Conditions in this category are:

  • Affecting large arteries
    • Giant cell Arteries
    • Takayasu’s arteries
    • Aortitis in Coogan’s Syndrome
    • Aortitis in spondyloarthropathies
    • Isolated aortitis
  • Medium-sized arteries
    • Kawasaki’s disease
    • Polyarteritis nodosa
  • Small and medium-sized arteries
    • ANCA-associated vasculitis
    • Granulomatosis with polyangitis (Wegener’s granulomatosis)
    • Microscopic polyangiitis
    • Eosinophilic granulomatosis with polyangiitis (Churg-Strauss)
    • Primary angiitis of the CNS
  • Small arteries
    • IgA vasculitis (Henoch Schonlein purpura)
    • Vasculitis related to rheumatoid disease, SLE and Sjogren’s syndrome
    • Cryoglobulinaemic vasculitis
    • Anti-GBM disease (Goodpasture’s disease)
    • Drug induced vasculitis
  • Arteries and veins of various sizes
    • Behcet’s disease
    • Relapsing polychondritis

Other important information for referring practitioners

Lifestyle changes

  • Assist smoking cessation
  • Advise on healthy diet and exercise
    • Alcohol reduction

Medical Management

  • Ensure patient is educated about their condition and has an action plan in case of red flags
  • Monitor cardiovascular and renal function
  • Monitor and control BP

Referral requirements

A referral may be rejected without the following information.

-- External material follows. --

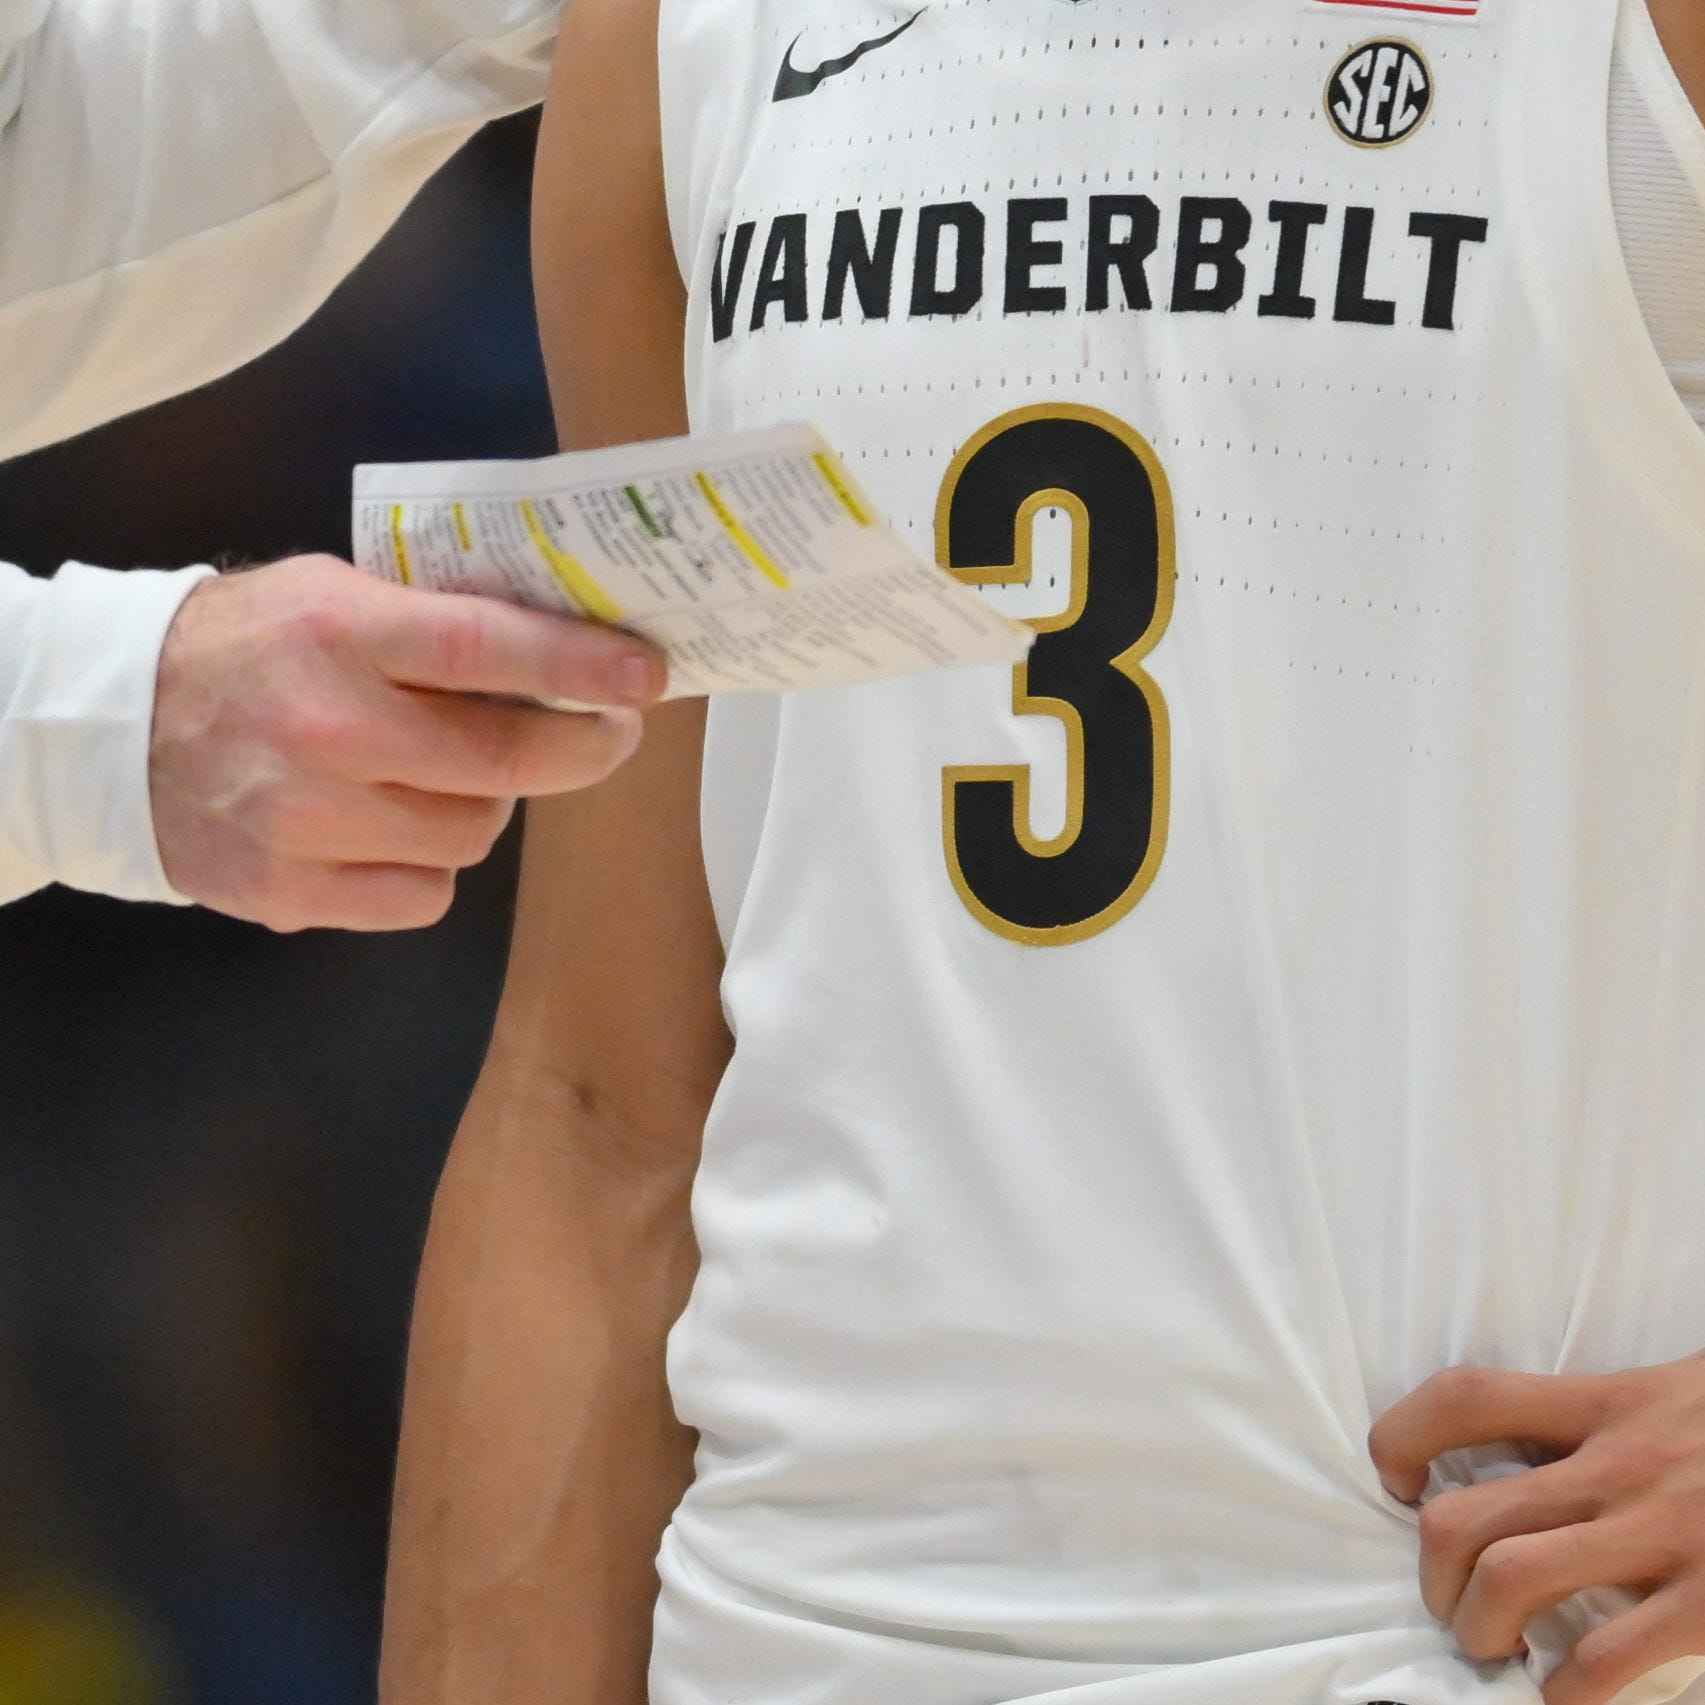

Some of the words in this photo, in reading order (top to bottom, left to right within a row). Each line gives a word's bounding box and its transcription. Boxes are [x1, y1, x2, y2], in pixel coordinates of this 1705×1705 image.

[1332, 46, 1426, 139] SEC
[710, 193, 1489, 344] VANDERBILT
[934, 401, 1177, 948] 3

  • Presence of any Red Flags (see below)
  • Reason for referral and suspected diagnosis
  • Timeline of symptoms
    • Include severity of symptoms
    • Main organs of involvement
    • Evidence of renal involvement or cardiovascular involvement
    • Include last 2-3 specialist letters if has been seen by another immunologist
  • Treatments trialled and reasons for failure
  • Current medications and allergies
  • Significant other medical conditions
  • E/LFT

Additional referral information (useful for processing the referral)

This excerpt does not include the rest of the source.